This article originally appeared on Steve Kirsch’s Substack and was republished with permission.

Guest post by Steve Kirsch

Pretty much all mainstream statisticians, data scientists, and epidemiologists ignore my work.

But not all. I recently got an email from a college professor of mathematics who decided to do a more detailed analysis to see if my recent survey was accurately reflecting reality.

His conclusion: Yes, the survey results are very convincing and we have a very serious problem. The survey results which implicate the vaccines as the primary cause of chronic disease cannot be “explained away” as “biased” or “confounded.”

This is likely why I was unable to get a qualified epidemiologist, statistician, data scientist, or mathematician to challenge me on my results in a public forum.

The whole vaccine schedule is a healthcare disaster and nobody wants to talk about it.

The survey data

This article describes the survey and my conclusions.

Switkay’s analysis

Professor Hal Switkay’s analysis can be downloaded here (clicking the link will download the excel spreadsheet).
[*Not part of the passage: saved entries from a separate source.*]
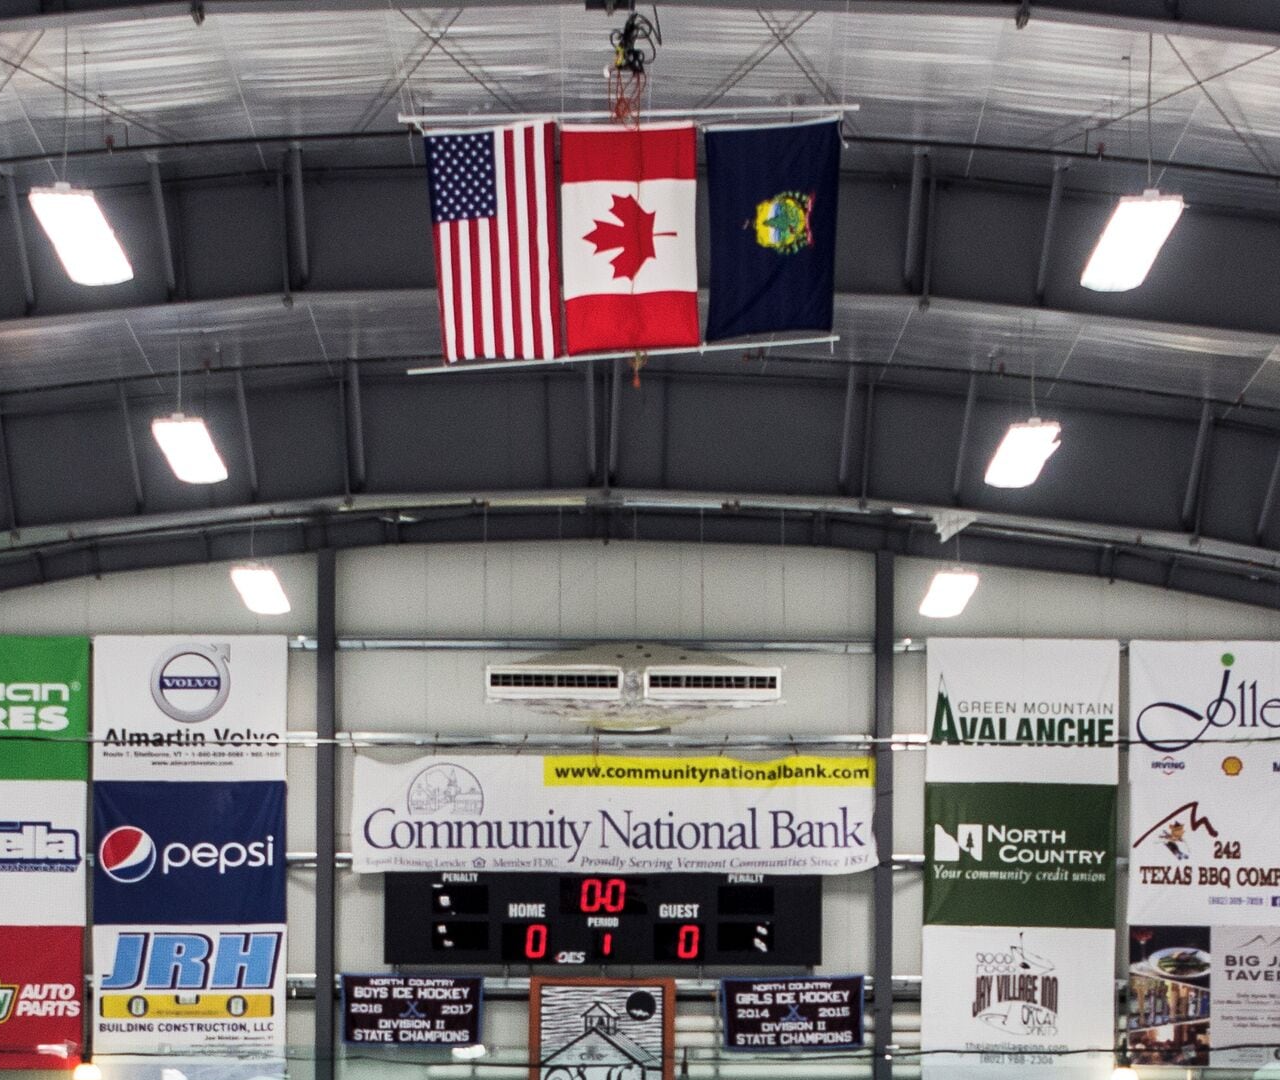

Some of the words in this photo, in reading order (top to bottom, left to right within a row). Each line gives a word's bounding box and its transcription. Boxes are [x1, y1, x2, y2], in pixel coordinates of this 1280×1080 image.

[162, 677, 218, 688] VOLVO
[958, 701, 1018, 714] GREEN
[1023, 702, 1114, 714] MOUNTAIN
[930, 690, 1114, 748] AVALANCHE
[104, 728, 205, 747] Almartin
[214, 728, 280, 747] Volvo
[1151, 761, 1185, 769] IRVING
[555, 764, 869, 782] www.communitynationalbank.com
[363, 807, 592, 861] Community
[600, 808, 759, 850] National
[769, 808, 865, 850] Bank
[987, 825, 1066, 844] NORTH
[162, 836, 274, 874] pepsi
[999, 846, 1106, 864] COUNTRY
[1214, 841, 1241, 859] 242
[434, 857, 466, 867] Lender
[493, 857, 531, 868] Member
[580, 856, 626, 870] Proudly
[628, 857, 672, 870] Serving
[677, 857, 726, 868] Vermont
[729, 857, 807, 868] Communities
[810, 856, 839, 867] Since
[442, 873, 479, 882] PENALTY
[728, 874, 764, 883] PENALTY
[933, 865, 961, 880] Your
[964, 867, 1032, 884] community
[1036, 867, 1069, 881] credit
[1073, 870, 1106, 881] union
[1140, 866, 1192, 885] TEXAS
[1198, 867, 1231, 888] BBQ
[508, 904, 546, 918] HOME
[659, 904, 699, 919] GUEST
[587, 917, 619, 927] PERIOD
[525, 925, 548, 959] 0
[604, 933, 612, 955] 1
[677, 925, 699, 959] 0
[100, 932, 282, 990] JRH
[1225, 955, 1260, 967] BIG
[370, 978, 404, 986] NORTH
[408, 979, 455, 987] COUNTRY
[753, 983, 786, 992] NORTH
[788, 982, 832, 991] COUNTRY
[22, 984, 75, 999] AUTO
[353, 986, 388, 999] BOYS
[393, 988, 413, 999] ICE
[418, 987, 469, 999] HOCKEY
[735, 993, 773, 1005] GIRLS
[776, 992, 796, 1004] ICE
[799, 991, 850, 1003] HOCKEY
[972, 975, 993, 1018] JAY
[997, 974, 1038, 1004] VILLAGE
[16, 1001, 80, 1016] PARTS
[441, 1004, 473, 1015] 2017
[737, 1009, 770, 1018] 2014
[99, 1023, 154, 1032] BUILDING
[158, 1023, 251, 1034] CONSTRUCTION,
[253, 1023, 274, 1032] LLC
[378, 1019, 431, 1029] DIVISION
[436, 1020, 445, 1029] II
[761, 1022, 813, 1032] DIVISION
[817, 1022, 826, 1031] II
[353, 1030, 393, 1041] STATE
[399, 1030, 470, 1042] CHAMPIONS
[736, 1034, 776, 1045] STATE
[780, 1031, 853, 1044] CHAMPIONS
Summary of the approach used by Professor Switkay

In my initial analysis of the survey data, I looked at the odds at the extreme points (no vax vs. fully vaxxed) to compute an odds ratio.

What Professor Switkay did was to look at all the intermediate data points in the survey and check for a dose-response relationship that would be consistent with a causality hypothesis.
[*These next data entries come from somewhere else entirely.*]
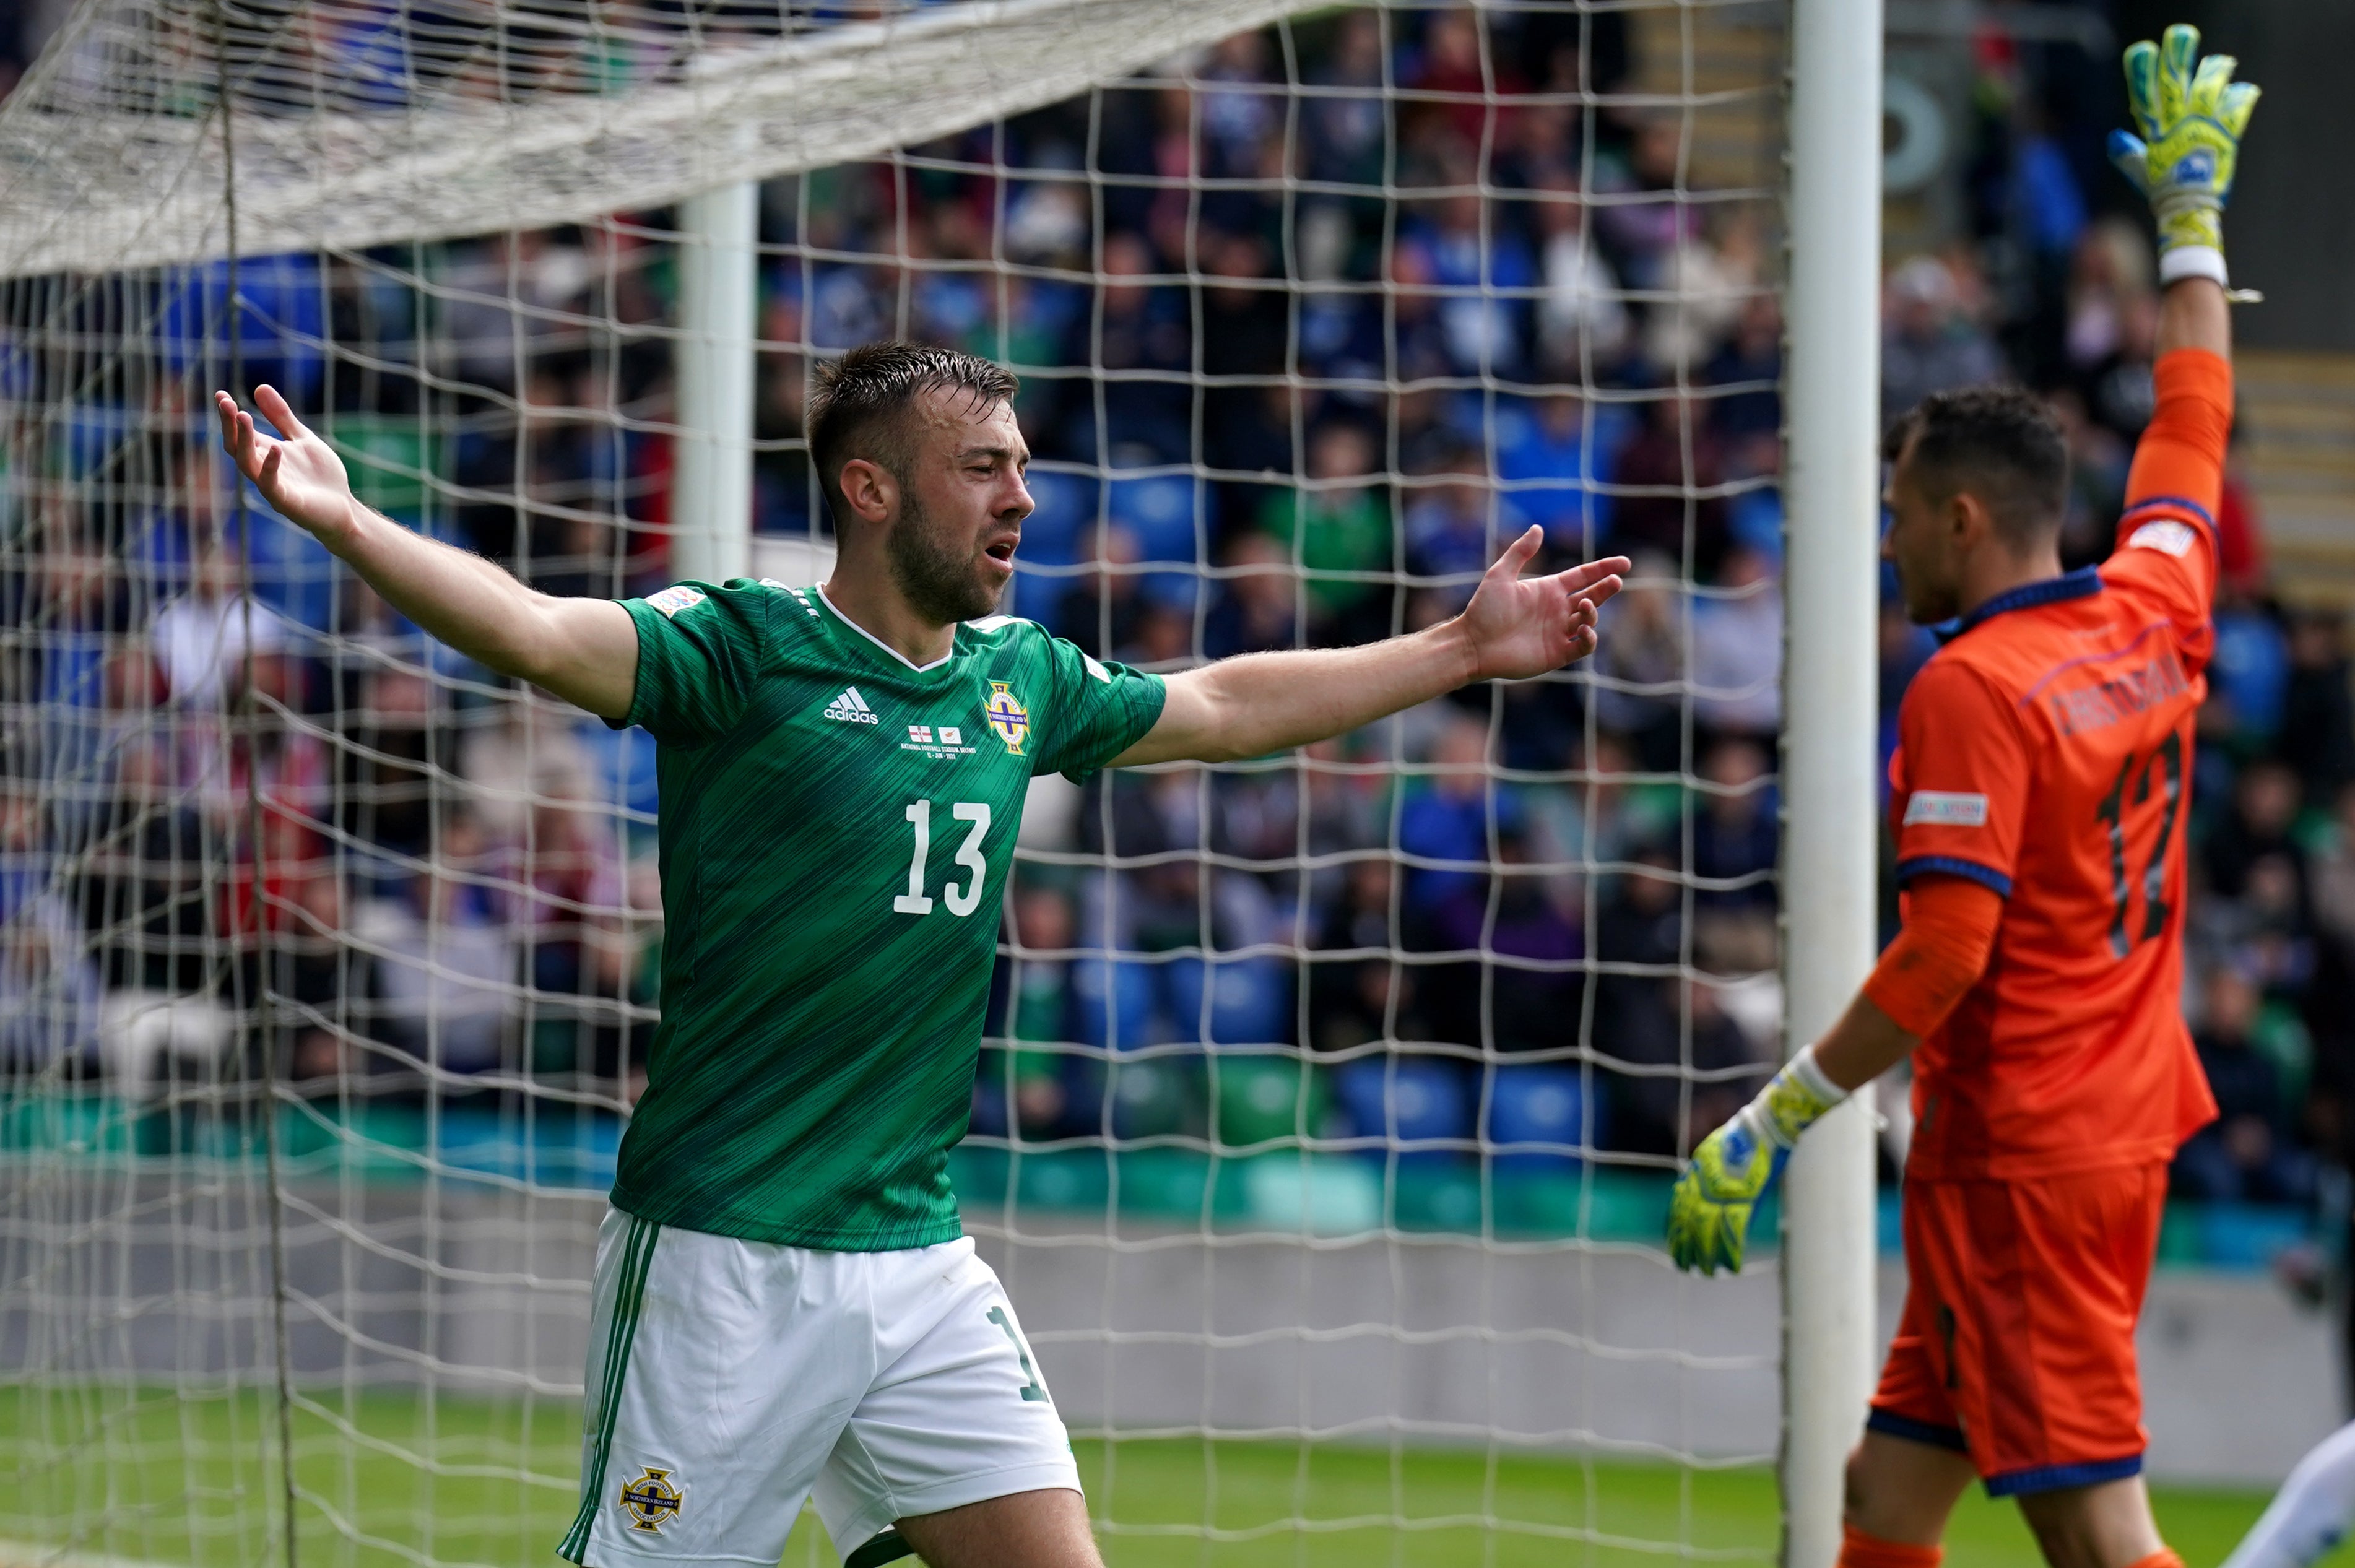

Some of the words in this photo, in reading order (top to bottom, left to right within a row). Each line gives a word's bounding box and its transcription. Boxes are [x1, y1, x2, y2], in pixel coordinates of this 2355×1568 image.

[823, 708, 879, 725] adidas
[901, 743, 921, 751] NATIONAL
[893, 799, 991, 917] 13
[635, 1482, 648, 1491] IRISH
[649, 1481, 670, 1496] FOOTBALL
[630, 1494, 654, 1504] NORTHERN
[633, 1507, 666, 1521] ASSOCIATION
So instead of looking at two data points per condition (the odds for unvaxxed and vaxxed), he looked at all 5 data points (since there were 5 different vax levels in the survey: no, low, medium, high, very high) and then fit a line through them.

For each condition, he did a regression analysis on the log of the odds and computed the value for the Pearson correlation coefficient (aka “r”), t statistic, slope of the line through the points (an indicator of the effect size), and more.

If vaccines are causing a condition in a linear fashion, plotting the log odds should be a straight line. In short, if the log of the odds is a straight line, it means that if you double the dose, you double the response.

He found that indeed, the log odds lined up in a straight line and the “fit” of the line to the points was amazing for many of the conditions. An r value of .97 for example is something you rarely see in real world data. It’s basically “nearly perfectly correlated.”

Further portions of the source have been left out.